DRCLAS Outreach

A New Venture

by | Apr 7, 1999

DRCLAS André Leroux and Joanna Angelides lead a discussion with Cambridge Ridge Latin School students on the Center’s art exhibit “Altars and Shrines of Haiti” by Marilene Phipps.

A high school student from Haiti explains the meaning of vodou to a fellow classmate from China. Three Harvard undergraduates gather a group of eager kindergarteners to play a game in Spanish. Such scenes are becoming more common around Cambridge and the Boston area because of the David Rockefeller Center for Latin American Studies’ intensified outreach program.

With support from DRCLAS, undergraduates at Harvard organized SABES: Spanish Acquisition Beginning in Elementary School, to put into practice the concept that learning a second language should be a positive experience for children. Today, SABES oversees 26 volunteers at the Agassiz School in Cambridge, where they teach Spanish language to 60 kindergarten through eighth graders two afternoons a week, using games, videos and other fun activities.
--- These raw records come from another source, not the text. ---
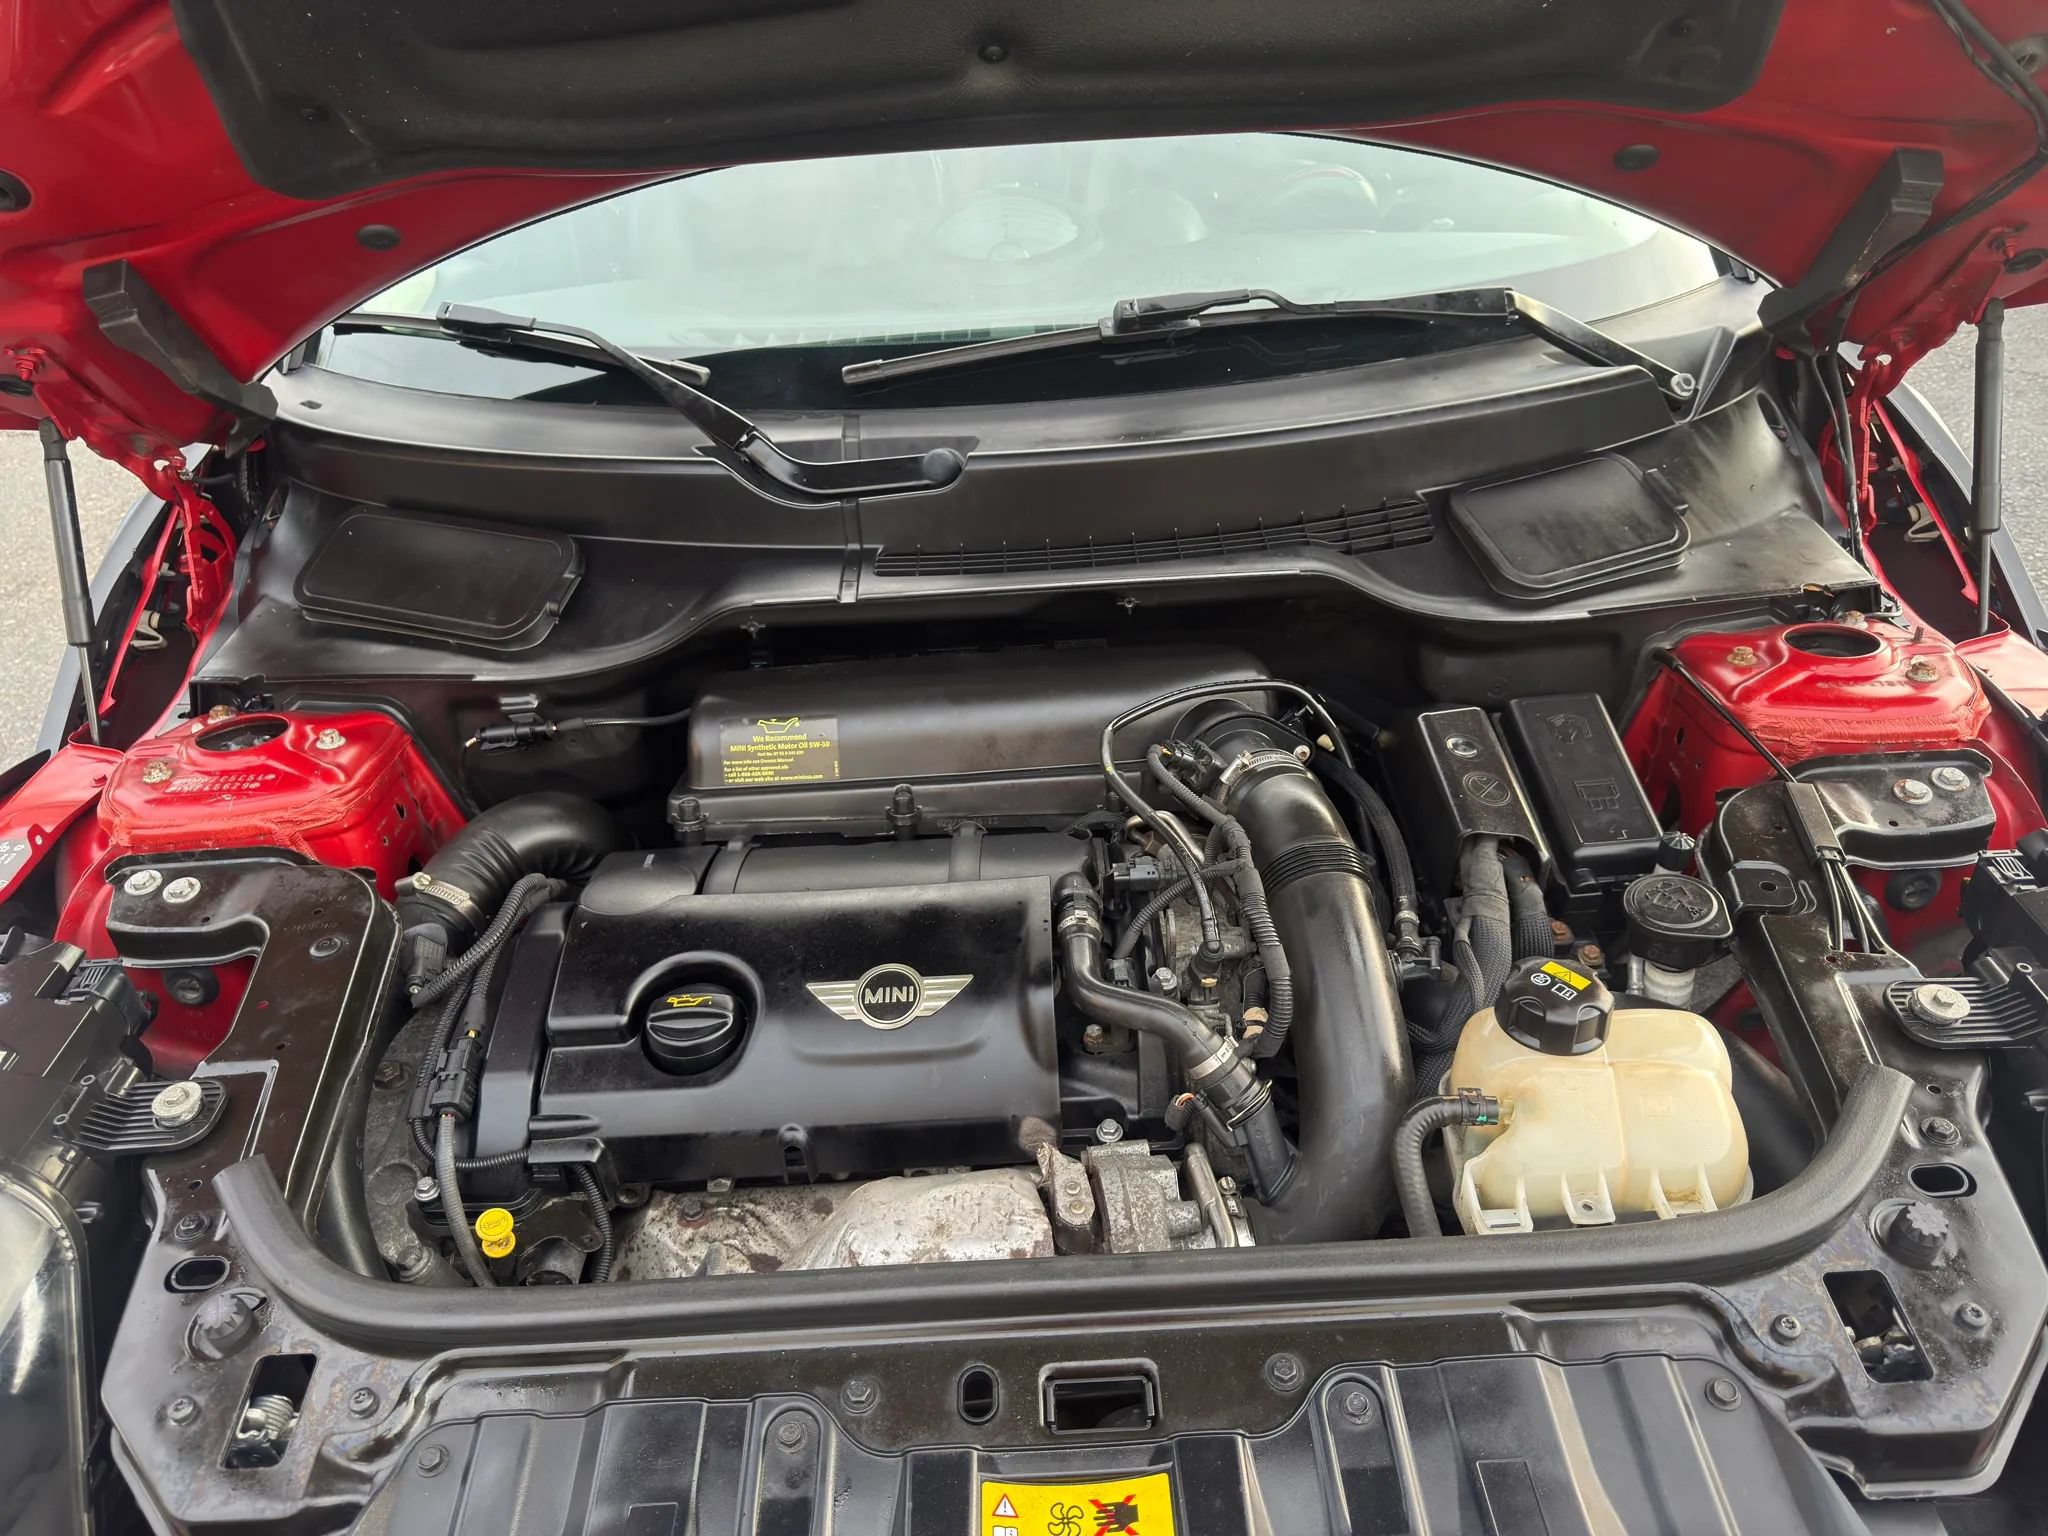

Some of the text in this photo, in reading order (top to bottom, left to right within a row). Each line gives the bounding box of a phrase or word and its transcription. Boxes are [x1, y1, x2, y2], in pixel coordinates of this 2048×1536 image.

[765, 733, 807, 742] Recommend
[730, 744, 746, 752] MINI
[747, 743, 777, 752] Synthetic
[778, 742, 797, 750] Motor
[865, 986, 913, 1004] MINI
John Roderick, Agassiz assistant principal, wants this “wonderful program” to become a permanent part of the school, where Spanish is not usually introduced until the seventh grade.

DRCLAS Latin American and Latino/a Art Forum welcomed students from Cambridge Rindge and Latin High School (CRLS), located only one block away from the Center, to see “Heavens of the Imagination” a watercolor exhibit by Chilean artist Lydia Nakashima Degarrod, from March to June 15, 1999. Nakashima Degarrod, who is also an anthropologist, sat casually on a table, surrounded by her colorful paintings, and answered the barrage of questions from 30 bilingual and ESL students.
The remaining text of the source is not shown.